Saving time with Color Schemes

October 1, 2016 - By

IDE, text editor, and dashboard color schemes are often treated as a way to get our personalities into the tools we use every day, but with a little effort it can also go a long way into saving time and giving a little peace of mind!

Have you ever intended to make a change to a project and implemented it into the wrong project, or wrong environment? At the time of writing I have 155 different dealer website projects with identical folder structures and file names. One moment of auto pilot snoozing could (and has) easily allowed me to paste into a wrong project. I’ve never had any harm done in this way apart from the 30 seconds to 2 minutes of QA troubleshooting to try and figure out why my changes aren’t appearing in my local environment!

These kinds of user error are usually a bit funny, but so avoidable! I can almost guarantee the proper fix has a lot to do with interruptions, multi-tasking, and focus; but a nice stop gap to fix this symptom can be using multiple color schemes!

In this video I show the simple process of using Sublime Project settings to differentiate.

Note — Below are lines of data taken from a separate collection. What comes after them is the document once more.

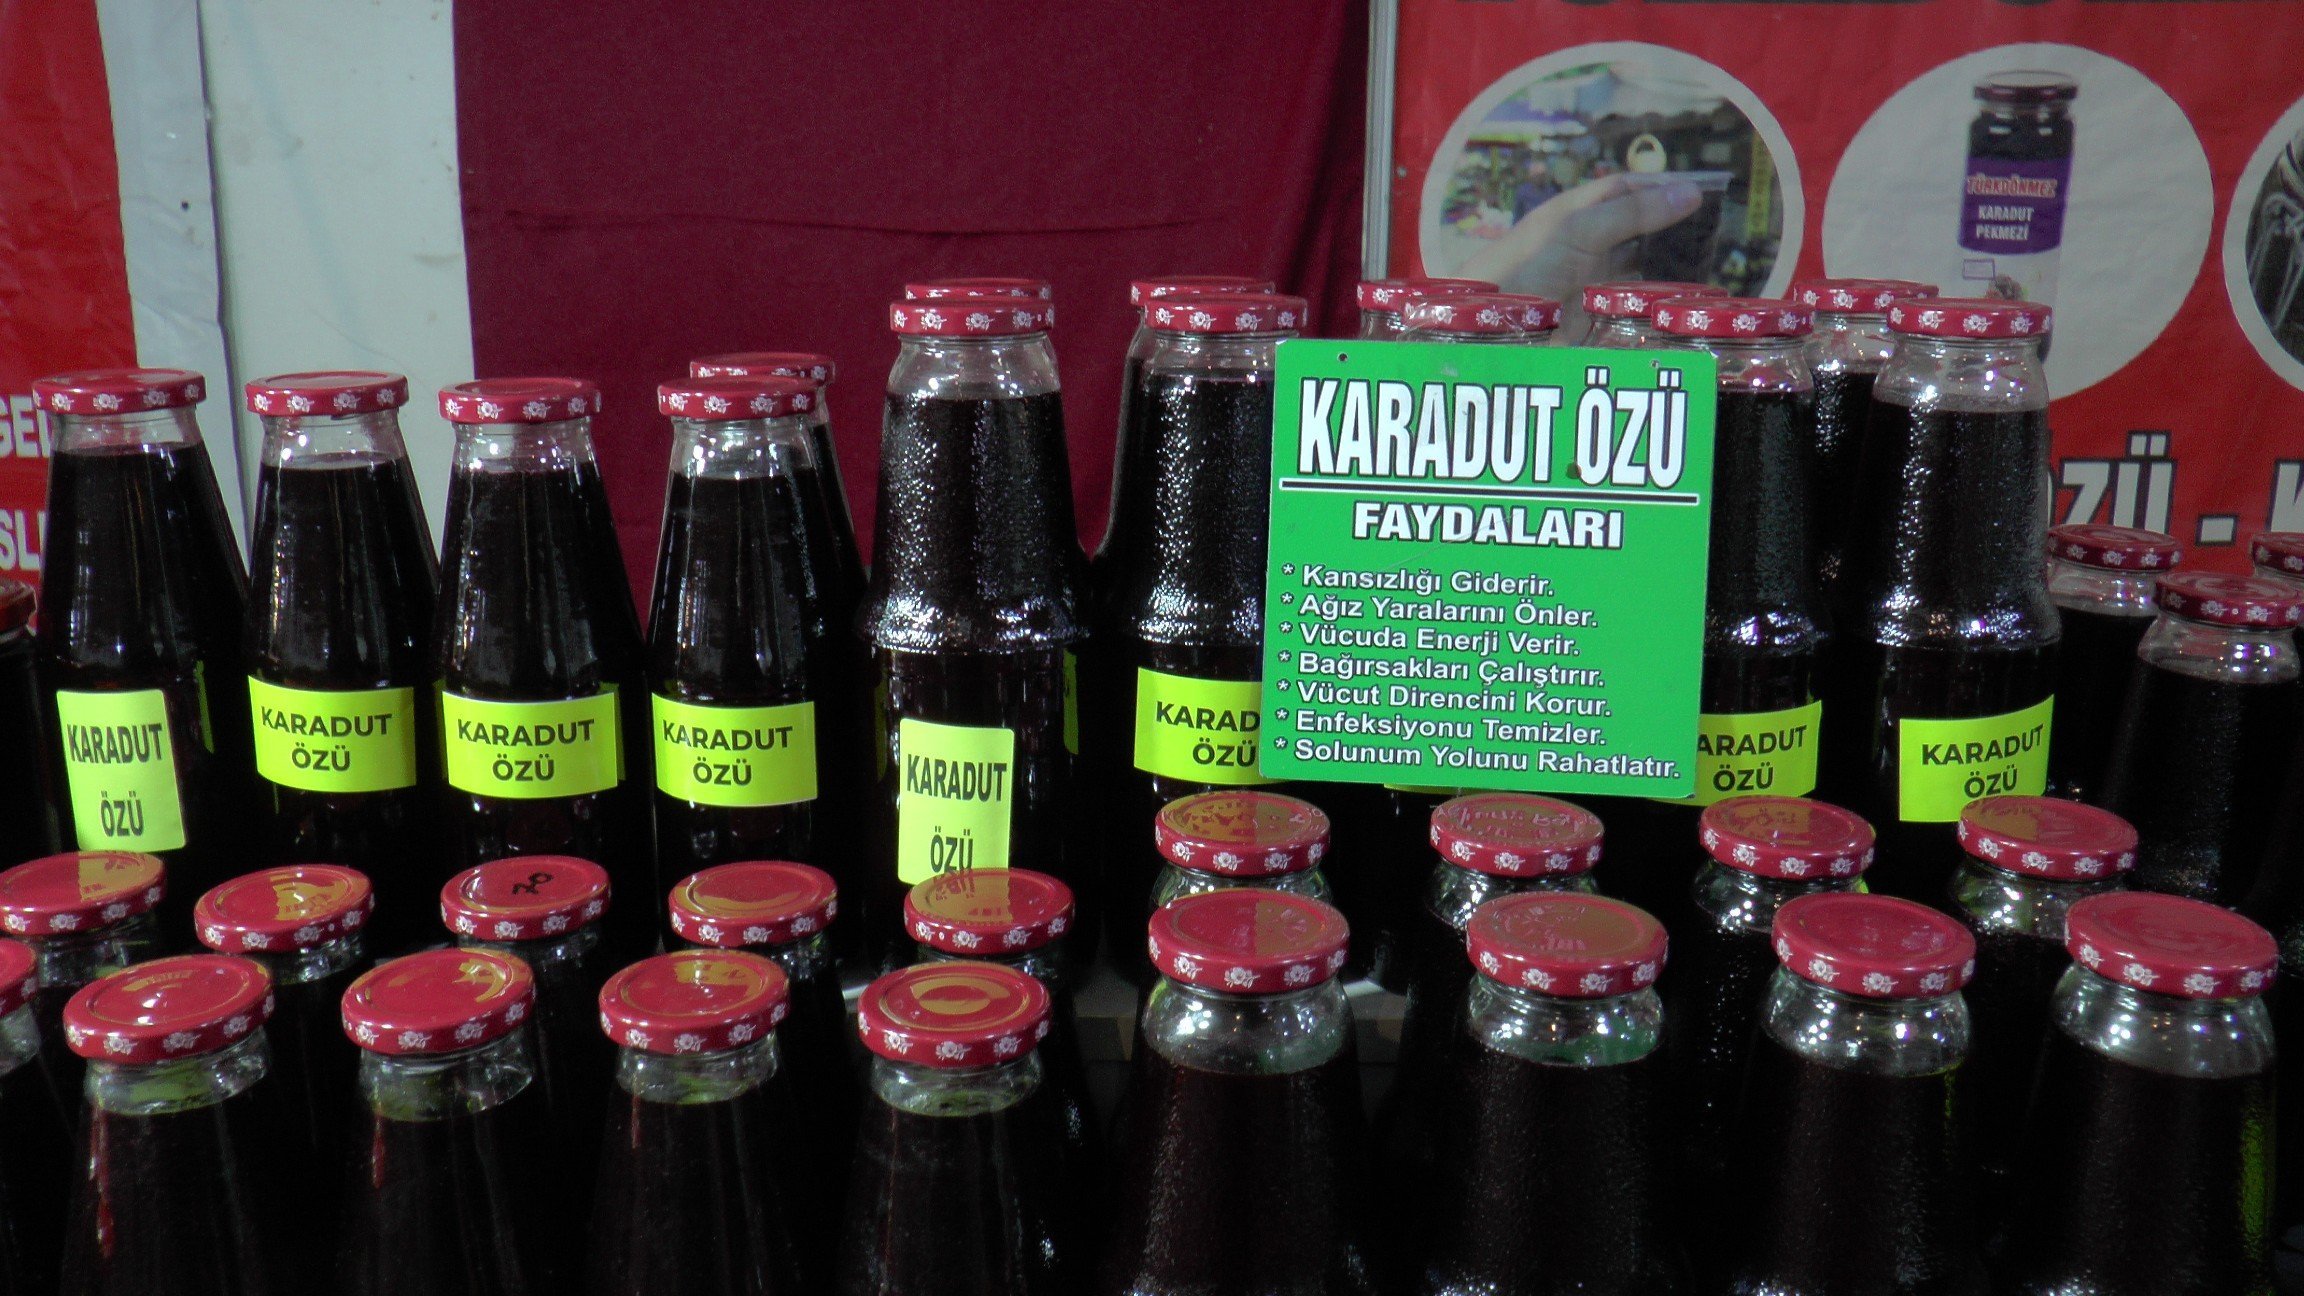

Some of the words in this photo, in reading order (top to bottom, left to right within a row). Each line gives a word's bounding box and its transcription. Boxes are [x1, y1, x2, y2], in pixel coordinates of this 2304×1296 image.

[1979, 205, 2034, 222] KARADUT
[1298, 377, 1562, 483] KARADUT
[1574, 366, 1689, 489] ÖZÜ
[2048, 430, 2176, 536] ZÜ
[1353, 502, 1625, 549] FAYDALARI
[1302, 564, 1441, 594] Kansızlığı
[1451, 570, 1555, 597] Giderir.
[1299, 593, 1363, 621] Ağız
[1372, 596, 1505, 623] Yaralarını
[1515, 598, 1599, 628] Önler.
[1300, 622, 1407, 650] Vücuda
[1417, 628, 1499, 657] Enerji
[1508, 632, 1581, 656] Verir.
[1298, 652, 1470, 681] Bağırsakları
[1478, 660, 1606, 688] Çalıştırır.
[1156, 700, 1261, 733] KARAD
[1298, 680, 1381, 707] Vücut
[1389, 685, 1516, 713] Direncini
[1525, 691, 1612, 718] Korur.
[261, 705, 393, 739] KARADUT
[457, 718, 595, 747] KARADUT
[662, 719, 794, 751] KARADUT
[1296, 710, 1474, 741] Enfeksiyonu
[1482, 718, 1607, 746] Temizler.
[66, 722, 163, 765] KARADUT
[291, 743, 352, 772] ÖZÜ
[1192, 736, 1257, 768] ÖZÜ
[1697, 725, 1808, 756] ARADUT
[1922, 723, 2045, 767] KARADUT
[492, 753, 555, 782] ÖZÜ
[692, 756, 753, 786] ÖZÜ
[1294, 738, 1423, 766] Solunum
[1431, 745, 1528, 772] Yolunu
[1538, 751, 1681, 779] Rahatlatır.
[907, 754, 1008, 803] KARADUT
[1712, 761, 1774, 792] ÖZÜ
[1963, 764, 2019, 800] ÖZÜ
[100, 791, 145, 838] ÖZÜ
[930, 825, 974, 874] ÖZÜ

The snippet I use is in my User folder and can be seen here as a gist.

I don’t keep 155 themes on my machine; but I do tend to use about 3. One for our main boilerplate, and then a couple given themes for “current projects” which come and go quite quickly.

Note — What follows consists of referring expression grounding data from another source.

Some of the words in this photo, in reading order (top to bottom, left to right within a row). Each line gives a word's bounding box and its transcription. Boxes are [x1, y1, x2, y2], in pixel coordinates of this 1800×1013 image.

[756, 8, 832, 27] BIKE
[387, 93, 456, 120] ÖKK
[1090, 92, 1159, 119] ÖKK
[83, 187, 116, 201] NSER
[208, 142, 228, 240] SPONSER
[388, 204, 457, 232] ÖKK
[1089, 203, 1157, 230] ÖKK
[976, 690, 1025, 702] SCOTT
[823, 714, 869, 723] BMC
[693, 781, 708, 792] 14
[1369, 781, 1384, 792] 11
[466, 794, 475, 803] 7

In a similar vein, I do like to have disparate themes in place in WordPress to differentiate local / staging / production sites. It would be too easy to make a mistake of that nature. I’ve never made a mistake in this way, likely in part to the fact that even just having two environments open concurrently makes me feel like I’m performing heart surgery. You can change your WP admin theme natively in your profile.

Hopefully I’m not the only one who finds this useful. I learn primarily through making mistakes, and feel like I’ve done it all!